▼

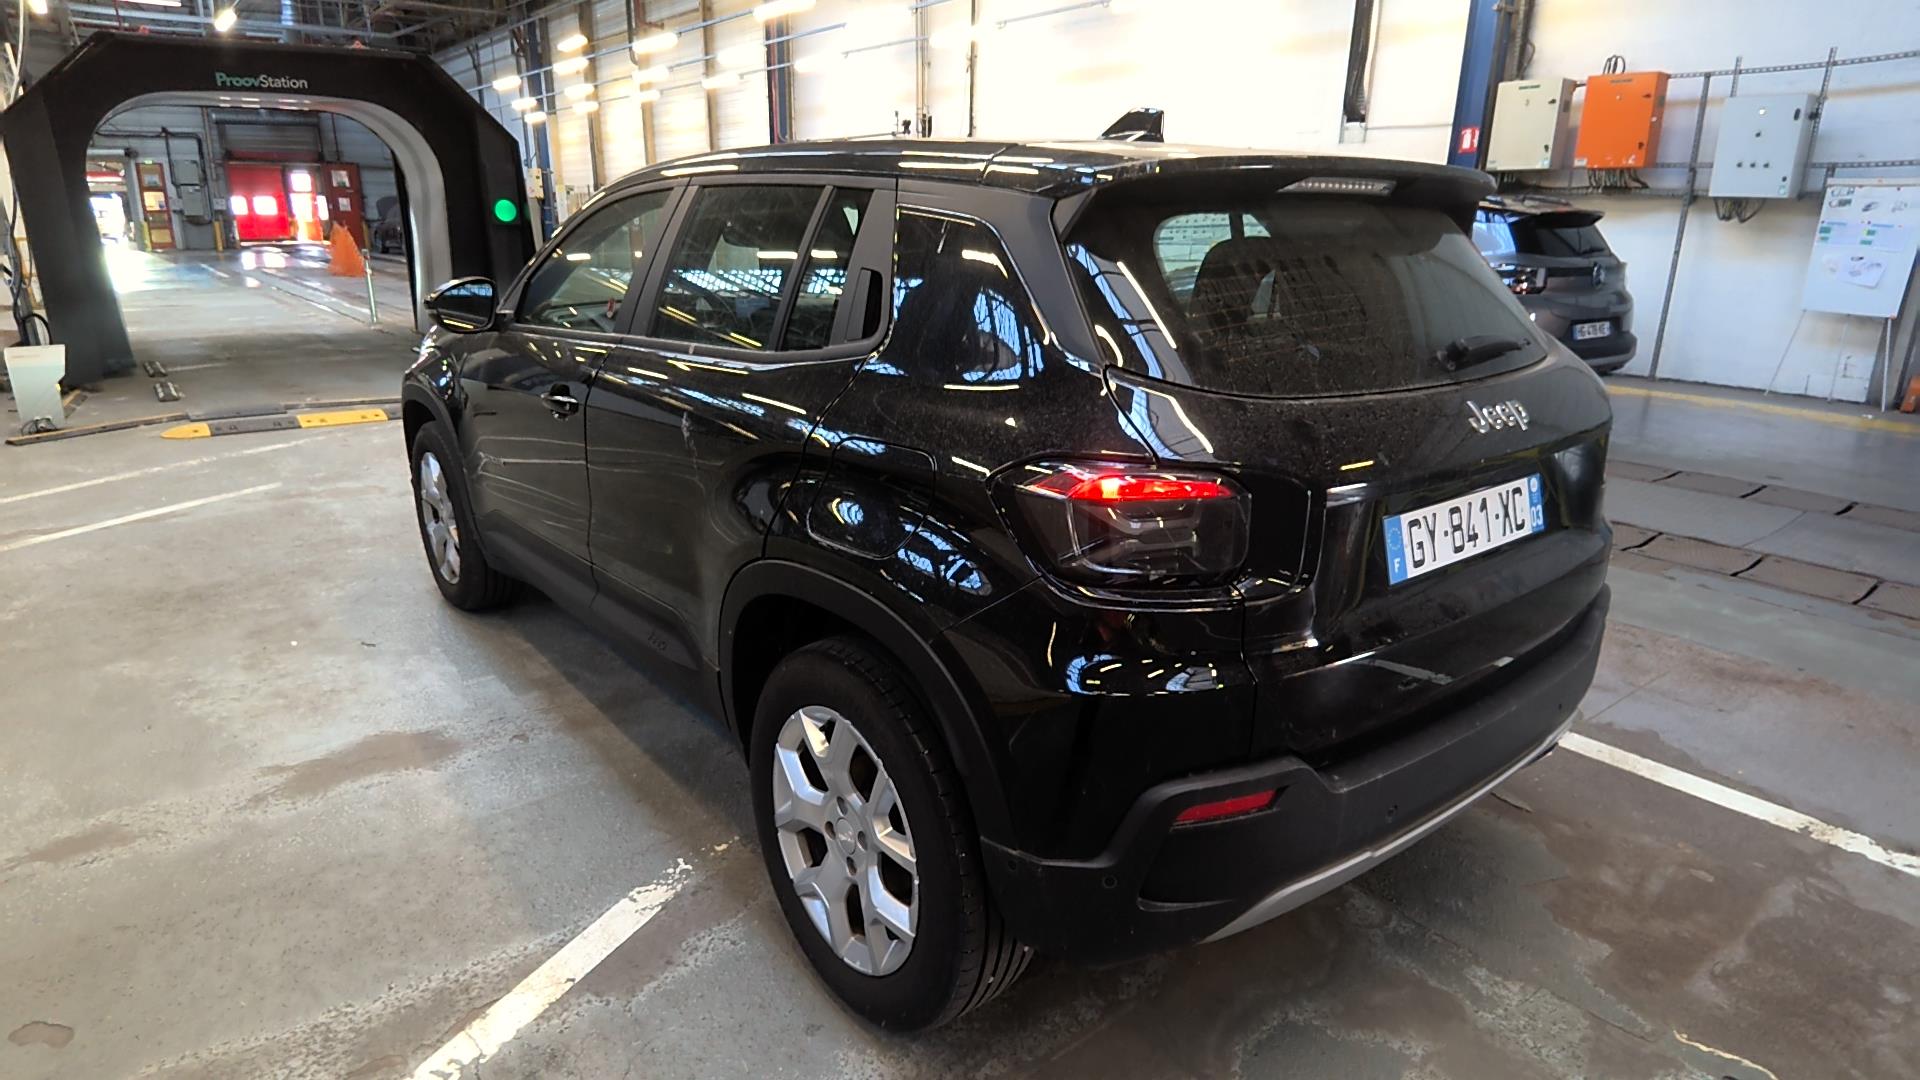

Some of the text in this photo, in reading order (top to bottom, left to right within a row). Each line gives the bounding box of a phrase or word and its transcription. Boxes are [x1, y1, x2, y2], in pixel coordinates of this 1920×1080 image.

[215, 71, 309, 89] ProovStation
[1466, 400, 1530, 434] Jeep
[1530, 505, 1544, 527] 03
[1393, 558, 1401, 574] F
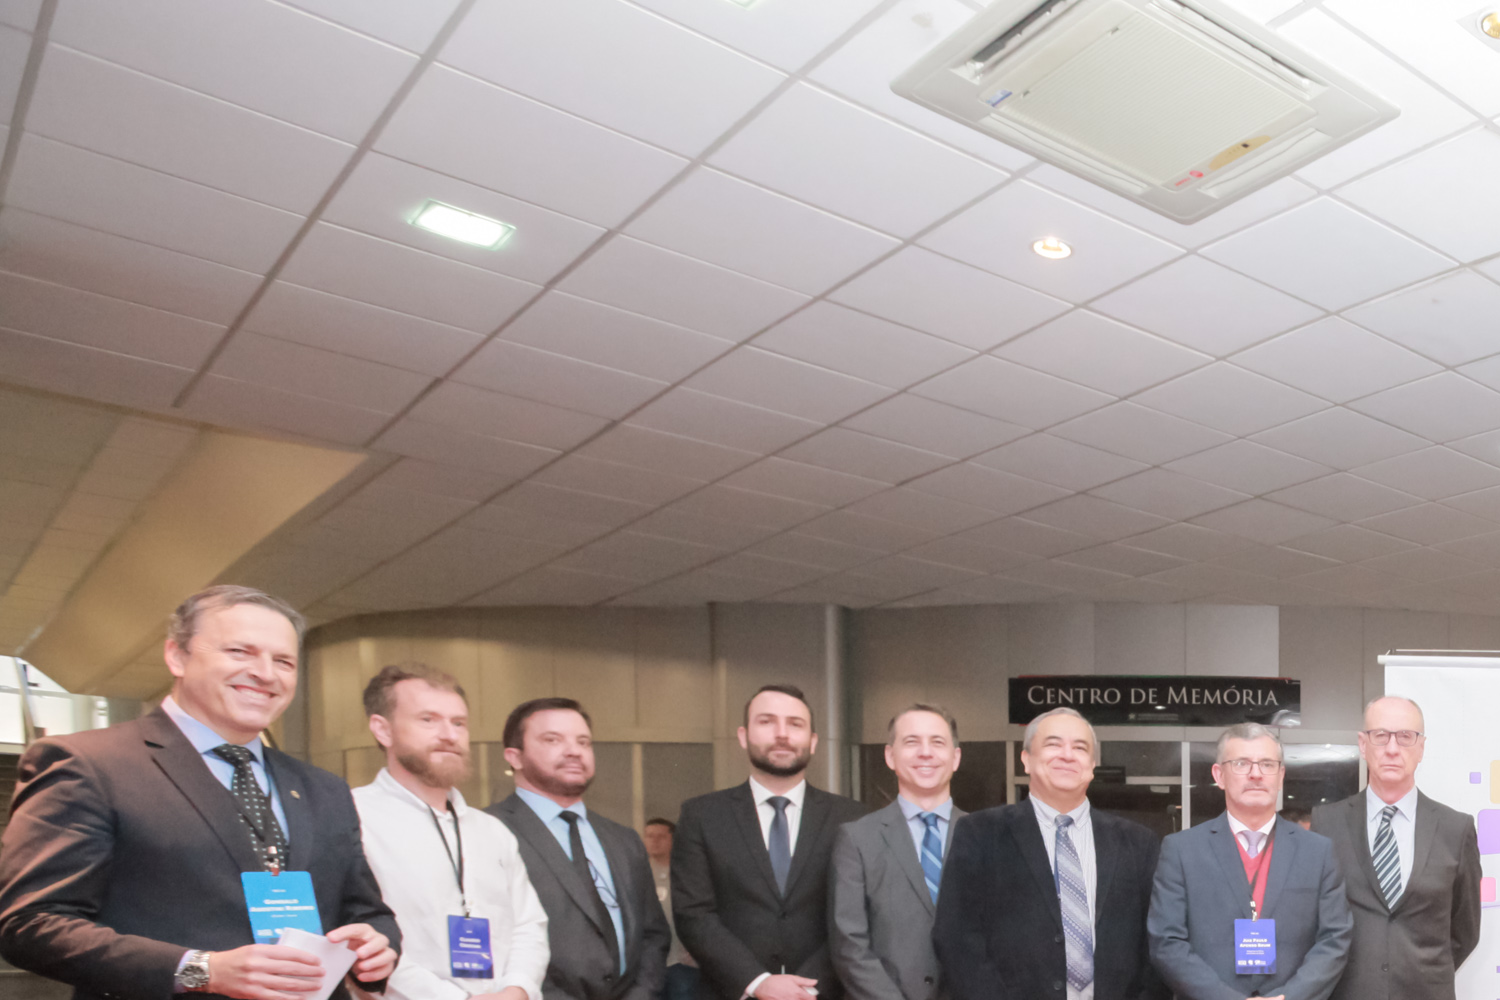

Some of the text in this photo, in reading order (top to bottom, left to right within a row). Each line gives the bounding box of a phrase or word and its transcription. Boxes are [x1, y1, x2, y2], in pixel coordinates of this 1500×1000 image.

[1027, 685, 1279, 706] CENTRO DE MEMÓRIA
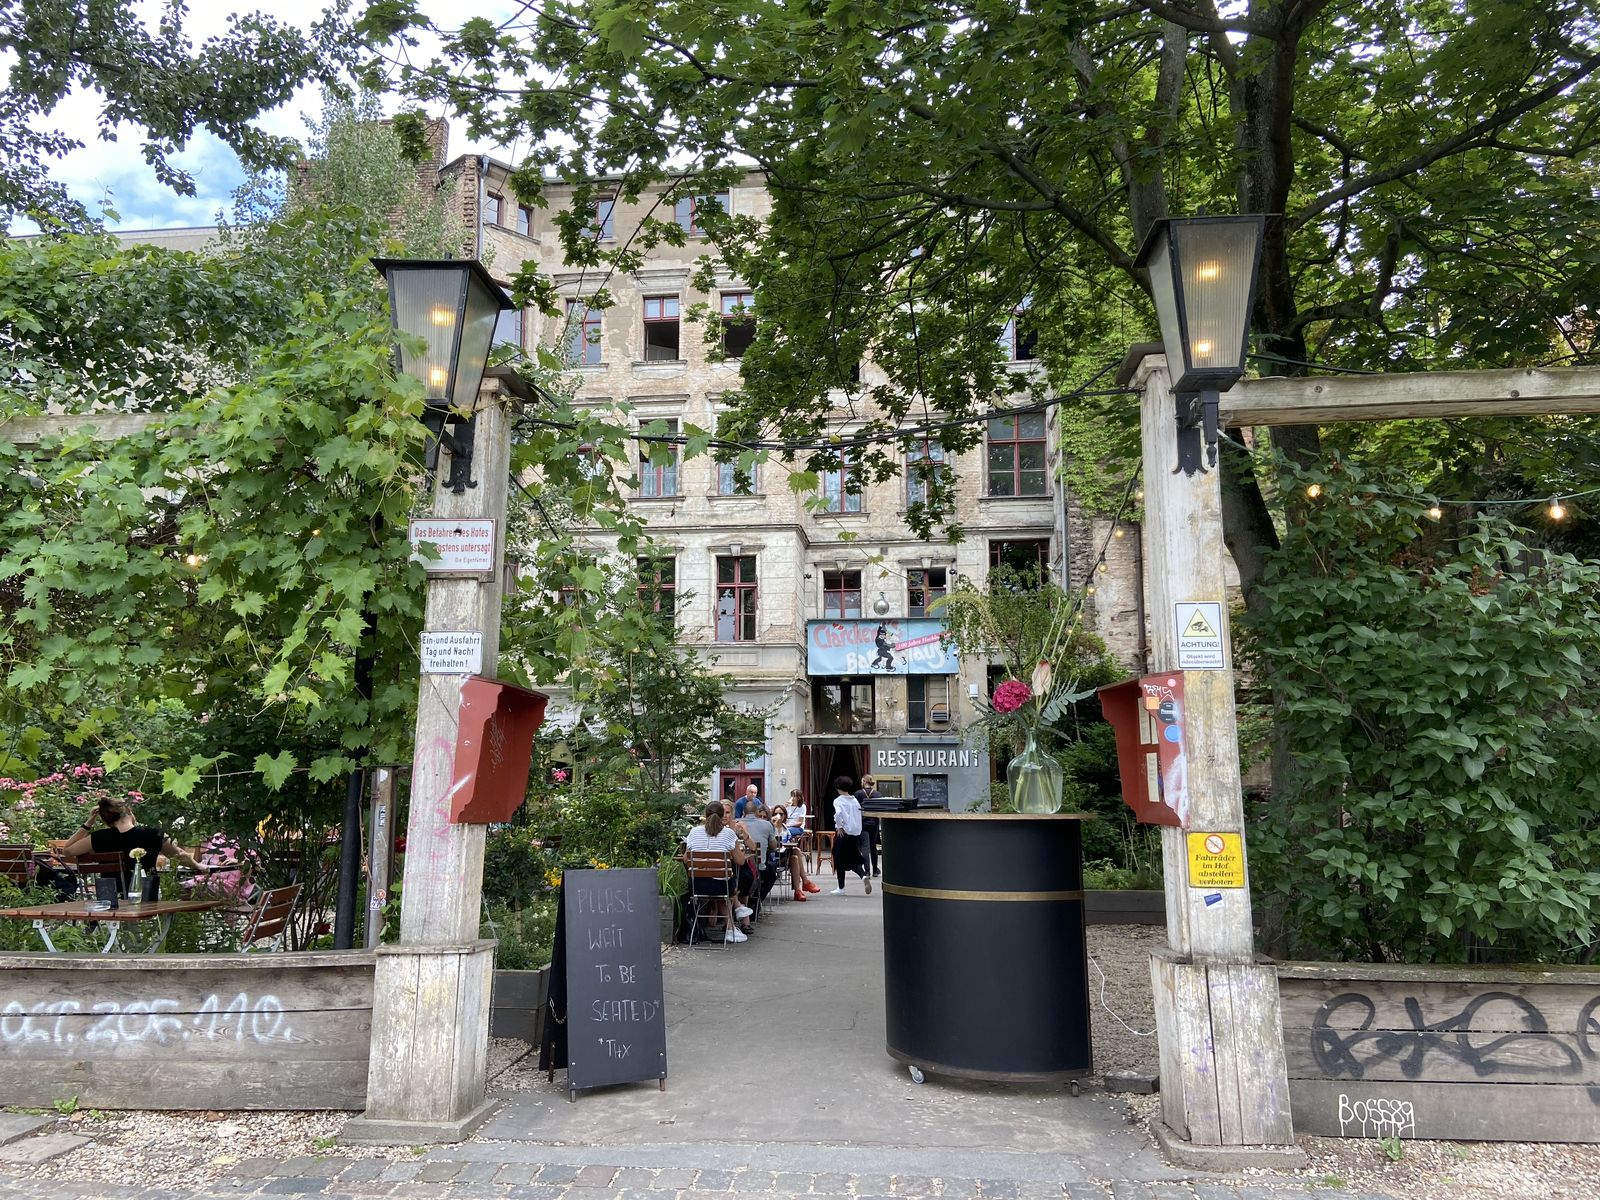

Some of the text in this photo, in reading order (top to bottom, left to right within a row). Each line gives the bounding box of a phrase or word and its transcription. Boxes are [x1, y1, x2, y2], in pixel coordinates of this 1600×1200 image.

▲

### What the task requires
Drop the images; restate the listing exactly.

### Completed exercise
Some of the text in this photo, in reading order (top to bottom, left to right within a row). Each line gives the bounding box of a phrase or word and its transcription. Boxes are [x1, y1, x2, y2], in pixel coordinates of this 1920×1080 image.

[215, 71, 309, 89] ProovStation
[1466, 400, 1530, 434] Jeep
[1530, 505, 1544, 527] 03
[1393, 558, 1401, 574] F

Some of the text in this photo, in reading order (top to bottom, left to right within a row). Each line gives the bounding box of a phrase or word and its transcription. Boxes are [x1, y1, x2, y2], in pixel coordinates of this 1500×1000 image.

[1027, 685, 1279, 706] CENTRO DE MEMÓRIA

Some of the text in this photo, in reading order (top to bottom, left to right within a row). Each line gives the bounding box of a phrase or word and its transcription. Boxes are [x1, y1, x2, y2], in pixel coordinates of this 1600×1200 image.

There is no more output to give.